### EXERCISE DETAILS
Here are some entries. Print them exactly as they are.

==================================================

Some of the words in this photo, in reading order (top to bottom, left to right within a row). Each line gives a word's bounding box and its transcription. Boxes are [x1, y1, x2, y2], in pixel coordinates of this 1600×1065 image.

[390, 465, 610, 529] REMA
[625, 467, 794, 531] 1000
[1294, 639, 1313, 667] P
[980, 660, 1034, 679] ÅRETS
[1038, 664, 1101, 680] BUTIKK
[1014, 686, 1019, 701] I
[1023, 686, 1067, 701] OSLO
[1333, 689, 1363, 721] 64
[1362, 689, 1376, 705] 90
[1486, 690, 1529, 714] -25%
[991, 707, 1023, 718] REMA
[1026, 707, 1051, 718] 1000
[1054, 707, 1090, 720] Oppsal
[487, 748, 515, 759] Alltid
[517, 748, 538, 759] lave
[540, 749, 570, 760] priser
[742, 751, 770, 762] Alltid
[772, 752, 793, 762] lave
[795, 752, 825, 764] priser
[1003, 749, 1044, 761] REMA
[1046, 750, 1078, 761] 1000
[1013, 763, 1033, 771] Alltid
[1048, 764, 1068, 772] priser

==================================================

### RESPONSE BELOW
Some of the words in this photo, in reading order (top to bottom, left to right within a row). Each line gives a word's bounding box and its transcription. Boxes are [x1, y1, x2, y2], in pixel coordinates of this 1600×1065 image.

[390, 465, 610, 529] REMA
[625, 467, 794, 531] 1000
[1294, 639, 1313, 667] P
[980, 660, 1034, 679] ÅRETS
[1038, 664, 1101, 680] BUTIKK
[1014, 686, 1019, 701] I
[1023, 686, 1067, 701] OSLO
[1333, 689, 1363, 721] 64
[1362, 689, 1376, 705] 90
[1486, 690, 1529, 714] -25%
[991, 707, 1023, 718] REMA
[1026, 707, 1051, 718] 1000
[1054, 707, 1090, 720] Oppsal
[487, 748, 515, 759] Alltid
[517, 748, 538, 759] lave
[540, 749, 570, 760] priser
[742, 751, 770, 762] Alltid
[772, 752, 793, 762] lave
[795, 752, 825, 764] priser
[1003, 749, 1044, 761] REMA
[1046, 750, 1078, 761] 1000
[1013, 763, 1033, 771] Alltid
[1048, 764, 1068, 772] priser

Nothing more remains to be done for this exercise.